This methodology contributes to research on defining and measuring “green jobs”, as set out in the green jobs workplan. There are many ways to define a green job, and no internationally agreed approach. The estimates, produced using this new experimental methodology, are based on task-level information from the US. As highlighted in the workplan, the task- and occupation-based approach taken by this research provides one potential approach to measuring green jobs and we plan to develop this further.
While the task- and occupation-based approach in this research offers some advantages over other approaches, it also has some drawbacks. The purpose of this research is to explore these pros and cons, rather than to provide official estimates of “green jobs”.
Estimates based on this research are published in Research into “green jobs”: time spent doing green tasks, UK: 1997 to 2019 with the accompanying datasets providing additional results.Back to table of contents
About the O*NET database
The Occupational Information Network (O*NET) database is the result of a large data collection in the US, run by the National Center for O*NET Development with support from the US Department of Labor's Employment and Training Administration. Among other things, it collects very detailed task-level information for almost 1000 occupations. The information includes attitudes, preferences, skills, work activities, and more.
The task-level data are updated for around 100 occupations each year. Data are collected either by interviewing people in the US labour market who fall within the relevant occupation category (incumbents), or by consultation with occupational experts, or both. More dynamic occupations tend to be reviewed more frequently than average.
An updated dataset is released each year, and archive versions of the dataset with historic data are available to download from O*NET. The program started in 1998 with information collected from occupational experts only. Databases consistent with the current methods began in 2003, and O*NET encourages researchers to use that as a starting point. Minor revisions, between the large annual updates, are also included in the archive, but these do not contain reviewed occupation data. The latest update to the data at the time of this research was for 2021.
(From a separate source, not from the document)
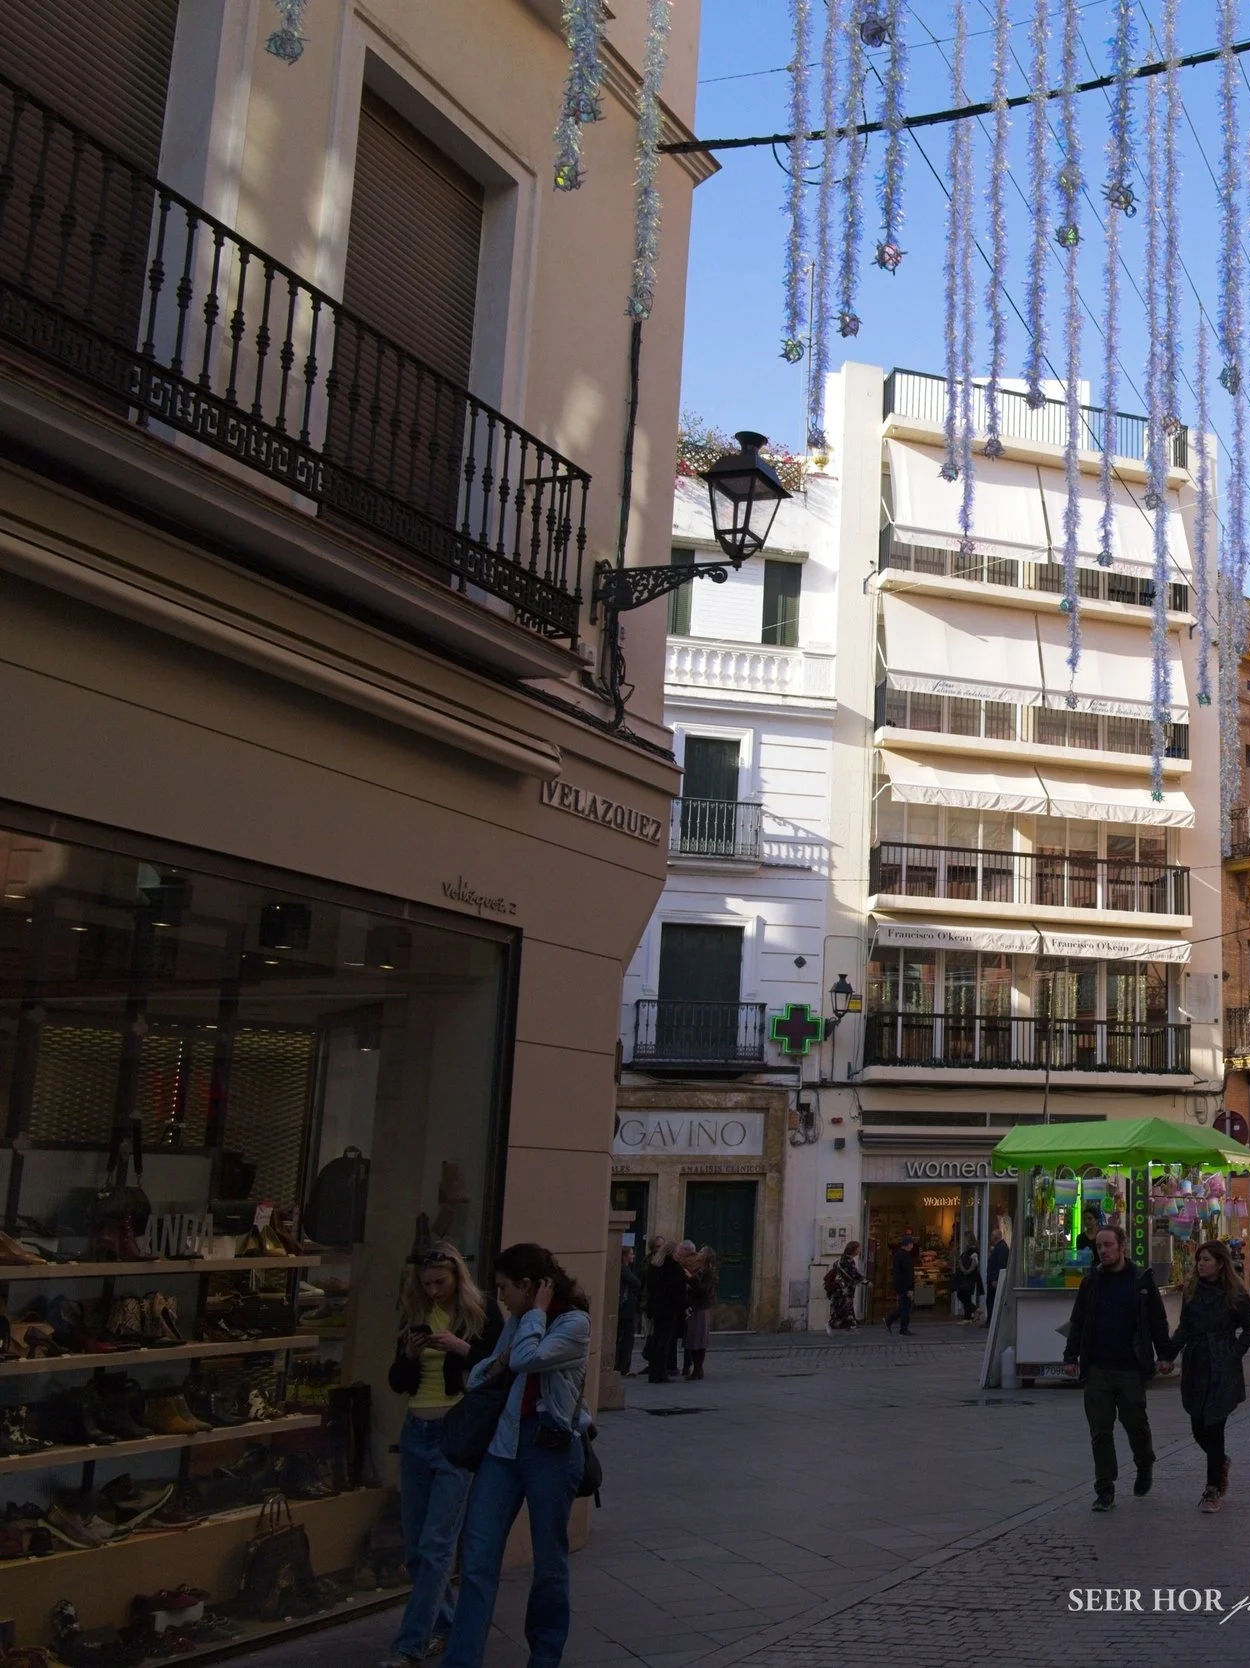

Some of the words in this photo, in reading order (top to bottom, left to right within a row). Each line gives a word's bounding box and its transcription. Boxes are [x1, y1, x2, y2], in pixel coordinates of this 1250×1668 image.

Definition of green tasks in the O*NET database
There are many ways to define a "green job" or the "green economy". This research is built on the O*NET database's definition of the green economy introduced in Greening of the world of work: Implications for O*NET® -SOC and new and emerging occupations, which is "The economic activity related to reducing the use of fossil fuels, decreasing pollution and greenhouse gas emissions, increasing the efficiency of energy usage, recycling materials, and developing and adopting renewable sources of energy".
Identifying green tasks in the data
In a 2011 study, the O*NET database was augmented to include new occupations and green tasks. Existing occupations likely to be related to the "green economy" (as defined in the O*NET database) were reviewed and task lists updated or refreshed to better reflect green tasks. Some new "green occupations" were also separately included.
Markers on green tasks were included in each release of the dataset from 2011 until 2019, at which point they were removed. With each annual update to the dataset, newly updated occupations also had "green task" markers added as appropriate.
For releases of the database after 2019 and before 2011, the "green task" markers are not included in the data. For this research, we assigned "green task markers" using a combination of automated and manual processes.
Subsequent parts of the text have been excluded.